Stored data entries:
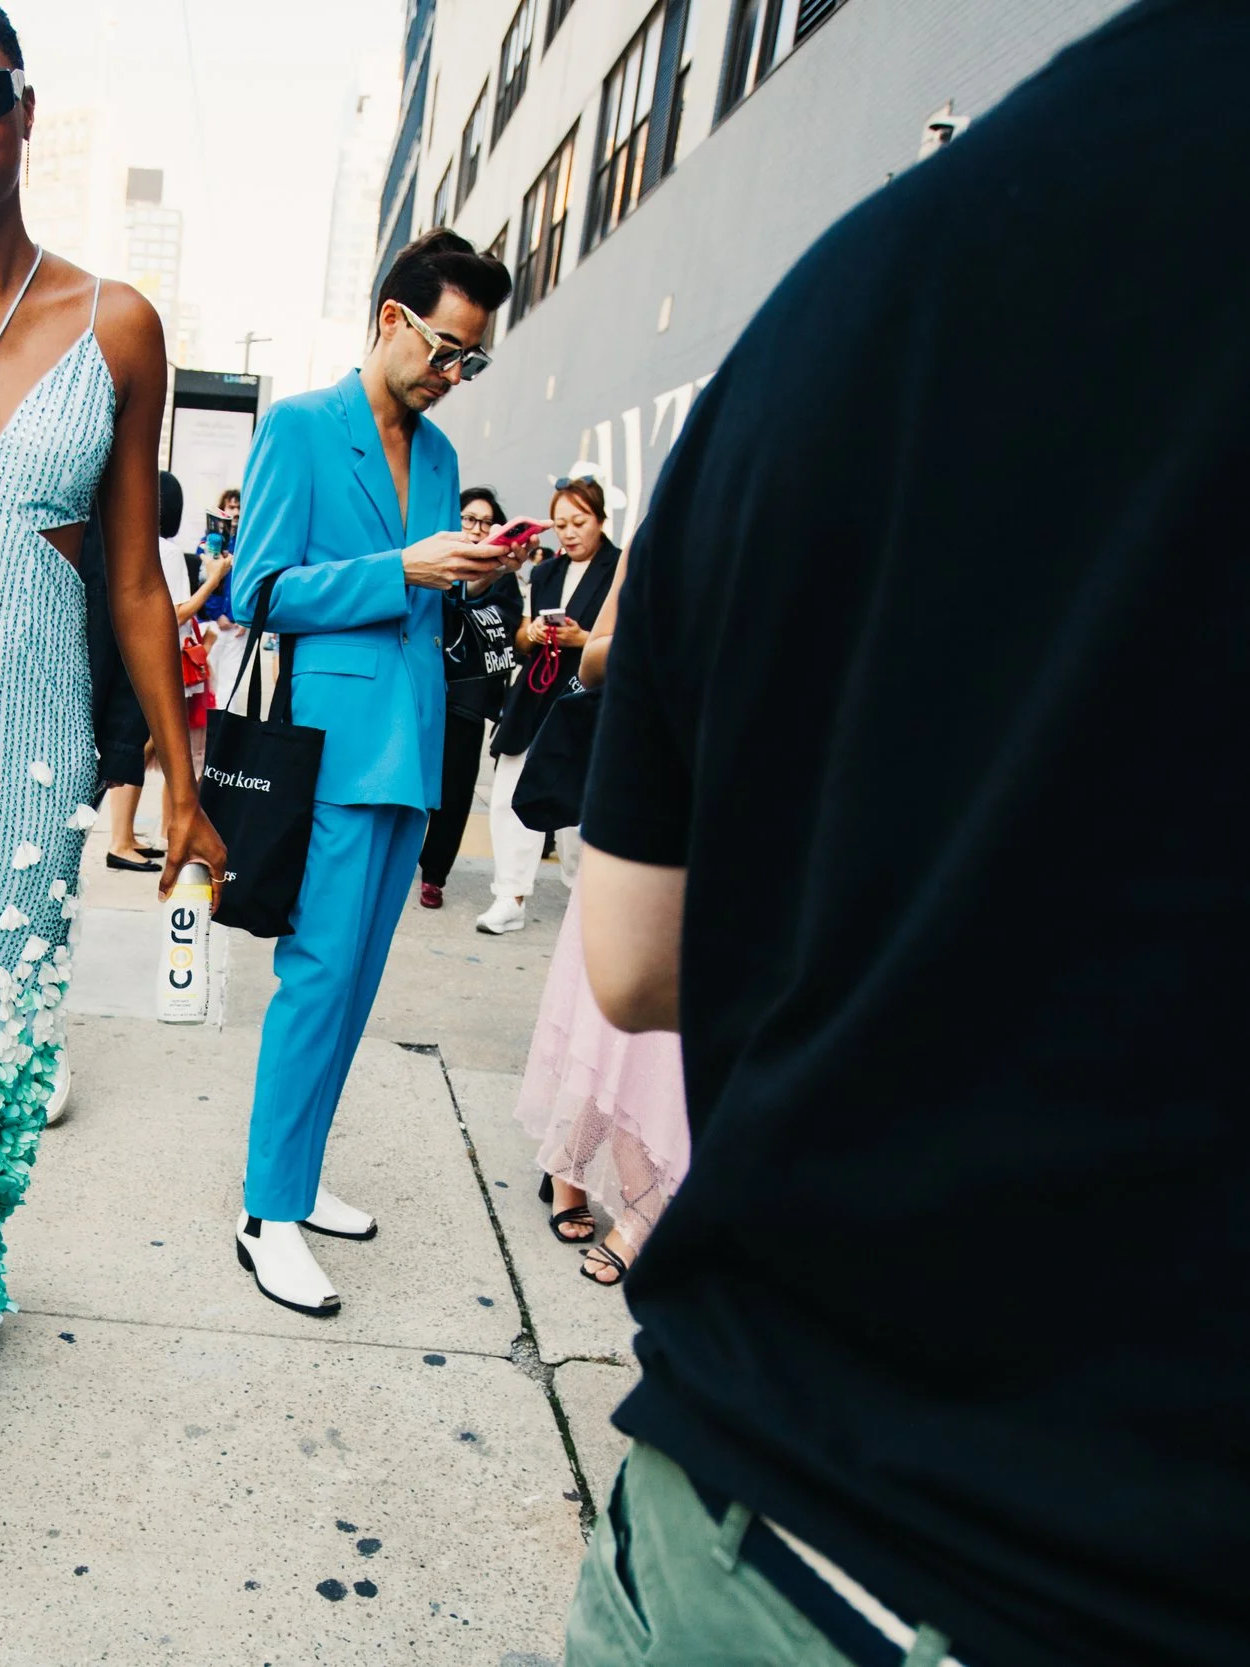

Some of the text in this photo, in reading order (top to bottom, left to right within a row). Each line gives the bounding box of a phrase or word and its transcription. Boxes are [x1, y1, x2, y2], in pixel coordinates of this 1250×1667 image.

[484, 646, 516, 674] BRAVE
[235, 770, 271, 792] korea
[169, 907, 196, 990] core
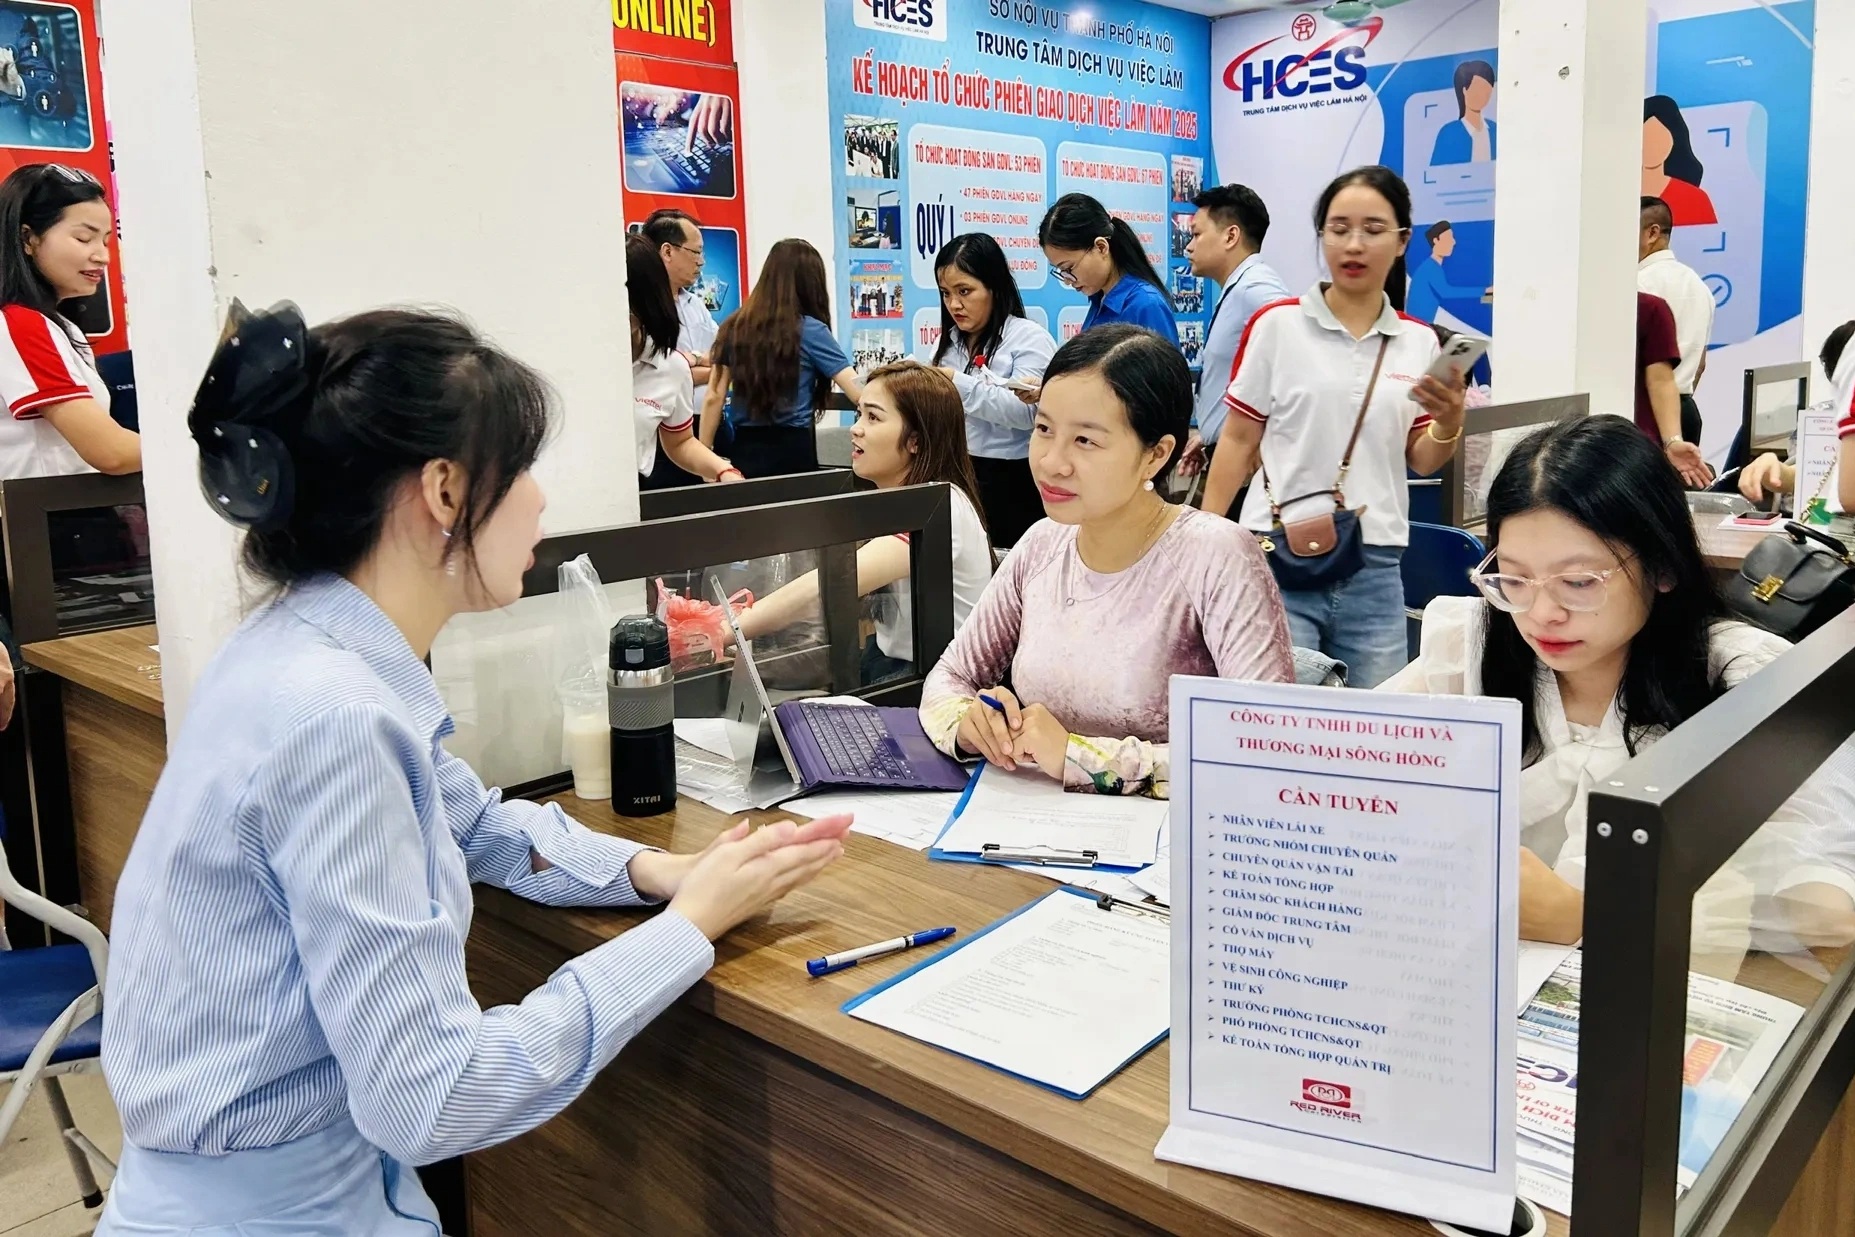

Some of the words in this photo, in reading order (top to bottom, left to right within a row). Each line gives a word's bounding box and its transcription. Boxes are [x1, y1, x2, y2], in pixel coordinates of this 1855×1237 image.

[1014, 0, 1037, 28] NỘI
[1041, 10, 1059, 33] VỤ
[1109, 21, 1134, 45] PHỐ
[1137, 27, 1152, 48] HÀ
[1155, 32, 1175, 56] NỘI
[975, 31, 1028, 61] TRUNG
[1033, 39, 1063, 68] TÂM
[1068, 49, 1102, 76] DỊCH
[1106, 57, 1124, 84] VỤ
[1128, 59, 1156, 88] VIỆC
[1159, 64, 1183, 90] LÀM
[1242, 46, 1367, 102] HCES
[853, 49, 874, 94] KẾ
[878, 62, 928, 106] HOẠCH
[933, 58, 950, 104] TỔ
[954, 70, 990, 110] CHỨC
[994, 77, 1032, 115] PHIÊN
[1037, 87, 1063, 121] GIAO
[1067, 92, 1094, 130] DỊCH
[1098, 92, 1121, 135] VIỆC
[1124, 96, 1146, 132] LÀM
[1149, 101, 1172, 136] NĂM
[1174, 109, 1197, 139] 2025
[1243, 108, 1264, 116] TRUNG
[1266, 105, 1280, 113] TÂM
[1281, 104, 1297, 112] DỊCH
[1309, 100, 1325, 108] VIỆC
[1326, 97, 1341, 106] LÀM
[1342, 95, 1352, 103] HÀ
[1355, 94, 1367, 102] NỘI
[945, 148, 961, 170] HOẠT
[1015, 155, 1022, 172] 53
[964, 189, 971, 197] 47
[916, 194, 945, 260] QUÝ
[1008, 216, 1028, 225] ONLINE
[1230, 708, 1275, 725] CÔNG
[1280, 714, 1300, 727] TY
[1305, 717, 1351, 732] TNHH
[1356, 720, 1378, 734] DU
[1384, 724, 1424, 740] LỊCH
[1429, 725, 1454, 741] VÀ
[1236, 736, 1305, 755] THƯƠNG
[1309, 744, 1341, 761] MẠI
[1345, 745, 1391, 763] SÔNG
[1278, 785, 1321, 807] CẦN
[1326, 794, 1398, 815] TUYỂN
[1222, 814, 1254, 826] NHÂN
[1256, 817, 1284, 830] VIÊN
[1287, 821, 1306, 833] LÁI
[1310, 825, 1325, 835] XE
[1223, 832, 1271, 847] TRƯỞNG
[1273, 840, 1308, 852] NHÓM
[1311, 844, 1360, 859] CHUYÊN
[1222, 851, 1269, 866] CHUYÊN
[1307, 862, 1331, 874] VẬN
[1334, 865, 1354, 877] TẢI
[1241, 872, 1272, 885] TOÁN
[1309, 882, 1334, 894] HỢP
[1222, 888, 1257, 901] CHĂM
[1259, 892, 1281, 905] SÓC
[1284, 897, 1326, 911] KHÁCH
[1328, 902, 1363, 917] HÀNG
[1222, 906, 1252, 919] GIÁM
[1255, 912, 1280, 923] ĐỐC
[1282, 915, 1322, 930] TRUNG
[1324, 920, 1351, 934] TÂM
[1222, 943, 1246, 957] THỢ
[1249, 947, 1275, 960] MÁY
[1267, 931, 1295, 944] DỊCH
[1298, 936, 1314, 949] VỤ
[1222, 961, 1238, 974] VỆ
[1239, 964, 1266, 978] SINH
[1268, 968, 1301, 983] CÔNG
[1303, 975, 1348, 991] NGHIỆP
[1222, 980, 1246, 992] THƯ
[1249, 983, 1264, 995] KÝ
[1222, 998, 1270, 1014] TRƯỞNG
[1272, 1006, 1312, 1021] PHÒNG
[1315, 1013, 1389, 1036] TCHCNS&QT
[1222, 1016, 1245, 1028] PHÓ
[1248, 1020, 1287, 1036] PHÒNG
[1289, 1027, 1362, 1049] TCHCNS&QT
[1240, 1037, 1271, 1051] TOÁN
[1308, 1050, 1333, 1063] HỢP
[1334, 1055, 1369, 1069] QUẢN
[1371, 1060, 1391, 1075] TRỊ
[1290, 1100, 1317, 1112] RED
[1320, 1106, 1361, 1120] RIVER
[1553, 1105, 1575, 1116] TER
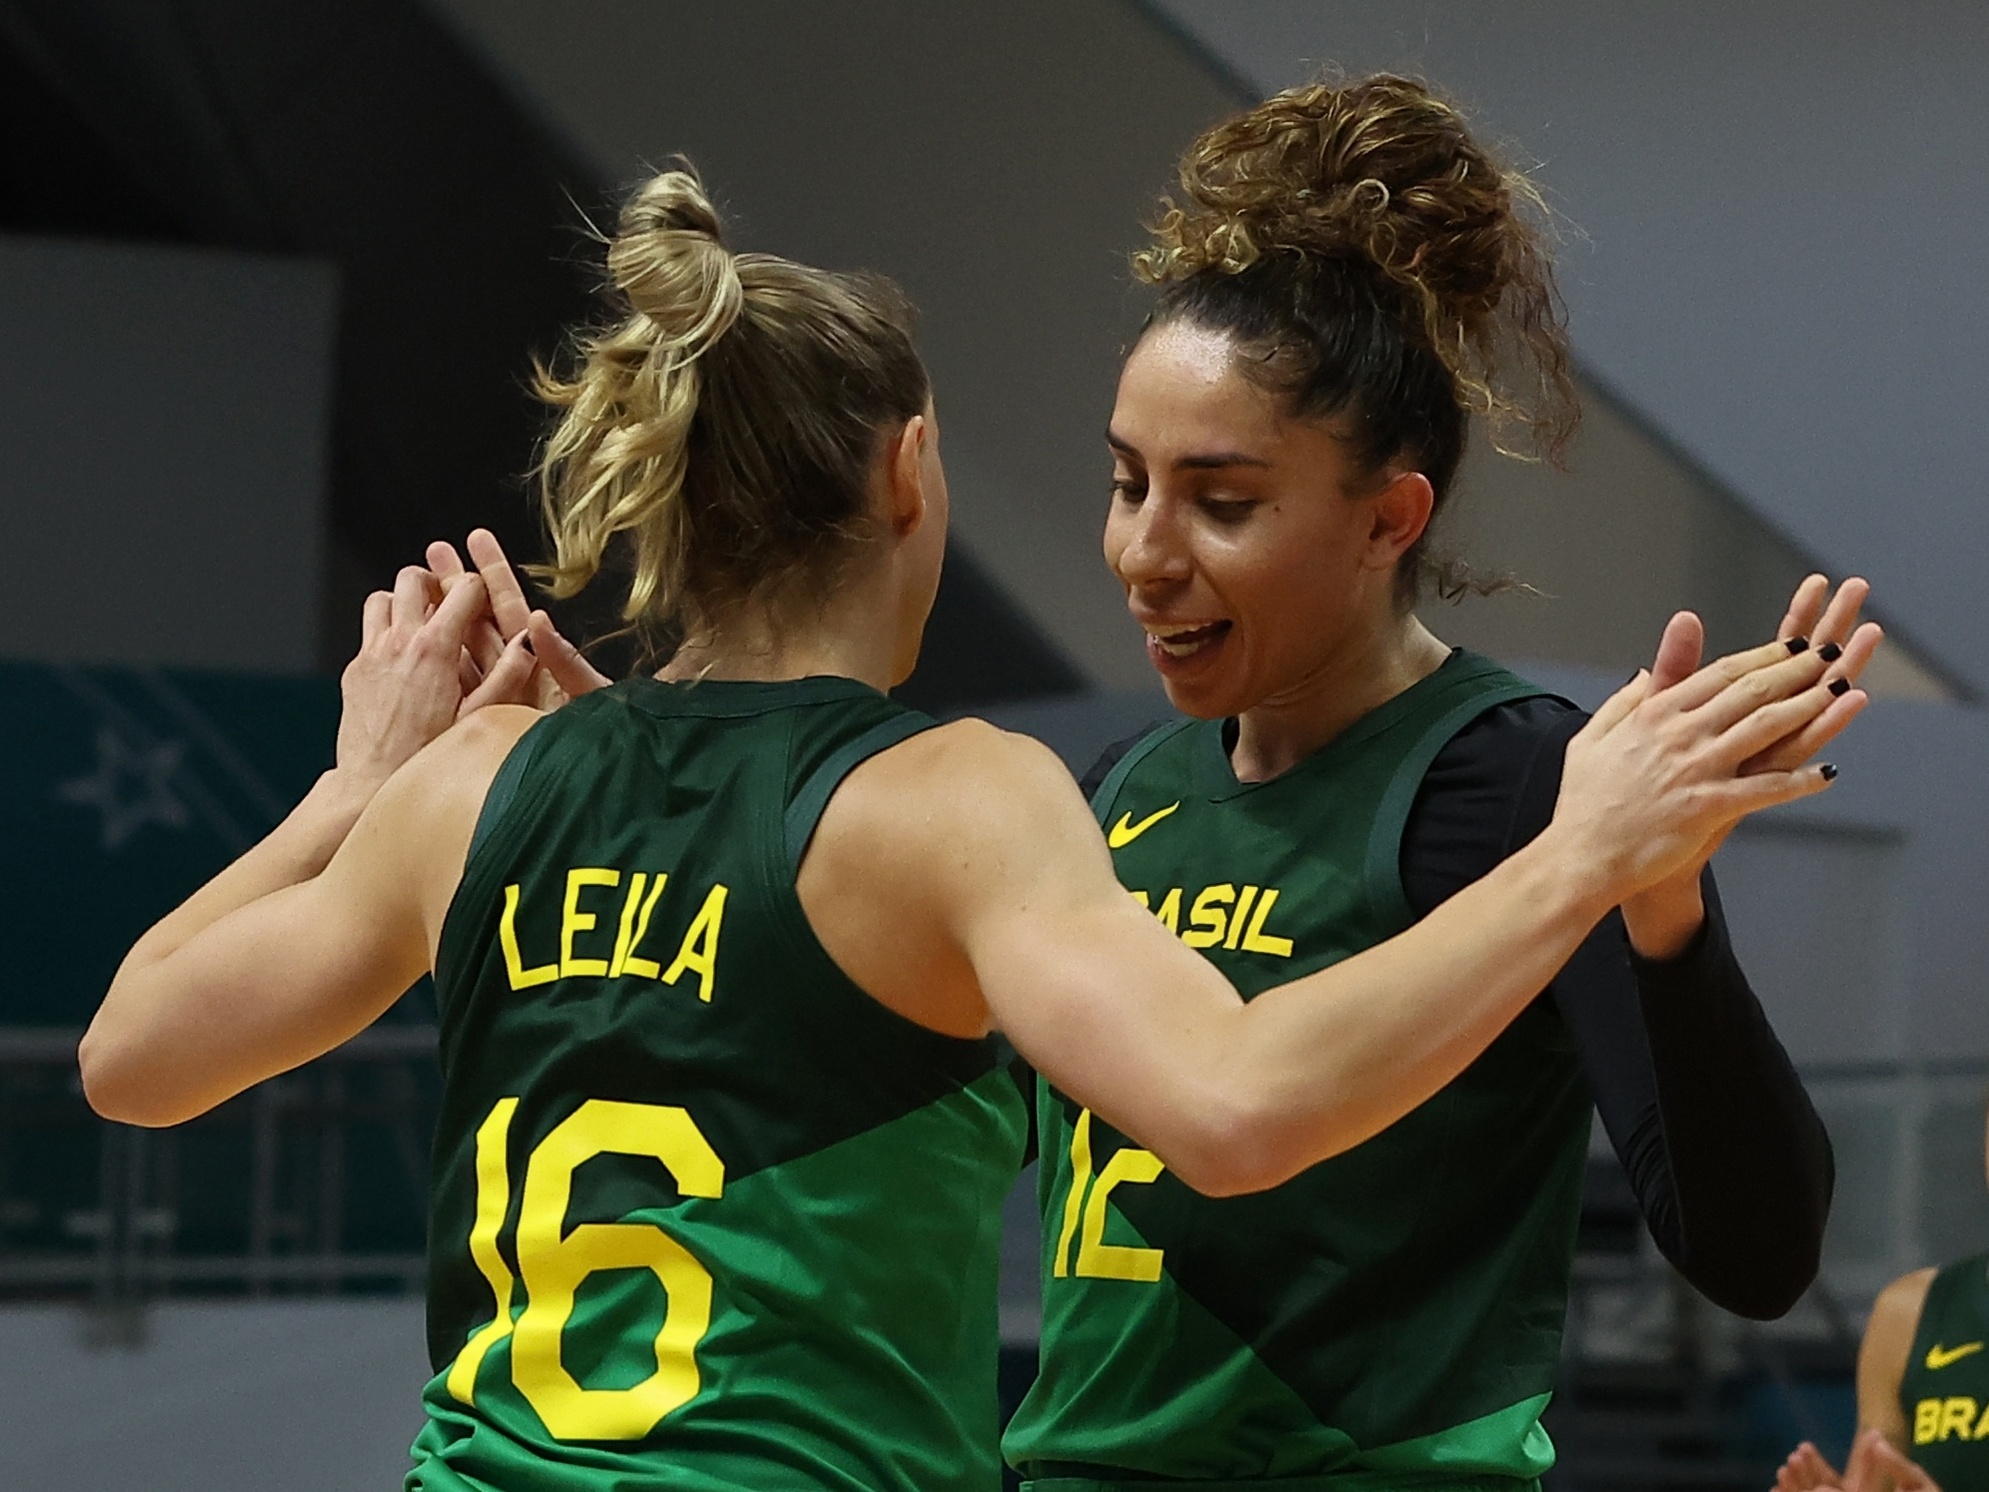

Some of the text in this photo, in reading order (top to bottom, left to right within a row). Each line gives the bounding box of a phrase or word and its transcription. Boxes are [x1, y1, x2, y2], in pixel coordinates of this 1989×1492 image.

## Exercise prompt:
Reproduce the records above word for word, without the images.

## The answer:
Some of the text in this photo, in reading order (top to bottom, left to right within a row). Each line gives the bounding box of a phrase or word and its transcription. Boxes are [x1, y1, x2, y2], in pixel coordinates of this 1250×1667 image.

[484, 646, 516, 674] BRAVE
[235, 770, 271, 792] korea
[169, 907, 196, 990] core

Some of the words in this photo, in reading order (top to bottom, left to right within a row). Each line gives a word's bounding box and its transcription. Boxes are [x1, y1, x2, y2], in pixel coordinates of this 1855×1237 image.

[1014, 0, 1037, 28] NỘI
[1041, 10, 1059, 33] VỤ
[1109, 21, 1134, 45] PHỐ
[1137, 27, 1152, 48] HÀ
[1155, 32, 1175, 56] NỘI
[975, 31, 1028, 61] TRUNG
[1033, 39, 1063, 68] TÂM
[1068, 49, 1102, 76] DỊCH
[1106, 57, 1124, 84] VỤ
[1128, 59, 1156, 88] VIỆC
[1159, 64, 1183, 90] LÀM
[1242, 46, 1367, 102] HCES
[853, 49, 874, 94] KẾ
[878, 62, 928, 106] HOẠCH
[933, 58, 950, 104] TỔ
[954, 70, 990, 110] CHỨC
[994, 77, 1032, 115] PHIÊN
[1037, 87, 1063, 121] GIAO
[1067, 92, 1094, 130] DỊCH
[1098, 92, 1121, 135] VIỆC
[1124, 96, 1146, 132] LÀM
[1149, 101, 1172, 136] NĂM
[1174, 109, 1197, 139] 2025
[1243, 108, 1264, 116] TRUNG
[1266, 105, 1280, 113] TÂM
[1281, 104, 1297, 112] DỊCH
[1309, 100, 1325, 108] VIỆC
[1326, 97, 1341, 106] LÀM
[1342, 95, 1352, 103] HÀ
[1355, 94, 1367, 102] NỘI
[945, 148, 961, 170] HOẠT
[1015, 155, 1022, 172] 53
[964, 189, 971, 197] 47
[916, 194, 945, 260] QUÝ
[1008, 216, 1028, 225] ONLINE
[1230, 708, 1275, 725] CÔNG
[1280, 714, 1300, 727] TY
[1305, 717, 1351, 732] TNHH
[1356, 720, 1378, 734] DU
[1384, 724, 1424, 740] LỊCH
[1429, 725, 1454, 741] VÀ
[1236, 736, 1305, 755] THƯƠNG
[1309, 744, 1341, 761] MẠI
[1345, 745, 1391, 763] SÔNG
[1278, 785, 1321, 807] CẦN
[1326, 794, 1398, 815] TUYỂN
[1222, 814, 1254, 826] NHÂN
[1256, 817, 1284, 830] VIÊN
[1287, 821, 1306, 833] LÁI
[1310, 825, 1325, 835] XE
[1223, 832, 1271, 847] TRƯỞNG
[1273, 840, 1308, 852] NHÓM
[1311, 844, 1360, 859] CHUYÊN
[1222, 851, 1269, 866] CHUYÊN
[1307, 862, 1331, 874] VẬN
[1334, 865, 1354, 877] TẢI
[1241, 872, 1272, 885] TOÁN
[1309, 882, 1334, 894] HỢP
[1222, 888, 1257, 901] CHĂM
[1259, 892, 1281, 905] SÓC
[1284, 897, 1326, 911] KHÁCH
[1328, 902, 1363, 917] HÀNG
[1222, 906, 1252, 919] GIÁM
[1255, 912, 1280, 923] ĐỐC
[1282, 915, 1322, 930] TRUNG
[1324, 920, 1351, 934] TÂM
[1222, 943, 1246, 957] THỢ
[1249, 947, 1275, 960] MÁY
[1267, 931, 1295, 944] DỊCH
[1298, 936, 1314, 949] VỤ
[1222, 961, 1238, 974] VỆ
[1239, 964, 1266, 978] SINH
[1268, 968, 1301, 983] CÔNG
[1303, 975, 1348, 991] NGHIỆP
[1222, 980, 1246, 992] THƯ
[1249, 983, 1264, 995] KÝ
[1222, 998, 1270, 1014] TRƯỞNG
[1272, 1006, 1312, 1021] PHÒNG
[1315, 1013, 1389, 1036] TCHCNS&QT
[1222, 1016, 1245, 1028] PHÓ
[1248, 1020, 1287, 1036] PHÒNG
[1289, 1027, 1362, 1049] TCHCNS&QT
[1240, 1037, 1271, 1051] TOÁN
[1308, 1050, 1333, 1063] HỢP
[1334, 1055, 1369, 1069] QUẢN
[1371, 1060, 1391, 1075] TRỊ
[1290, 1100, 1317, 1112] RED
[1320, 1106, 1361, 1120] RIVER
[1553, 1105, 1575, 1116] TER

Some of the text in this photo, in reading order (top to bottom, left to right within a row). Each line gives the bounding box of a phrase or word and its transcription. Boxes are [x1, y1, x2, y2], in pixel coordinates of this 1989×1492 image.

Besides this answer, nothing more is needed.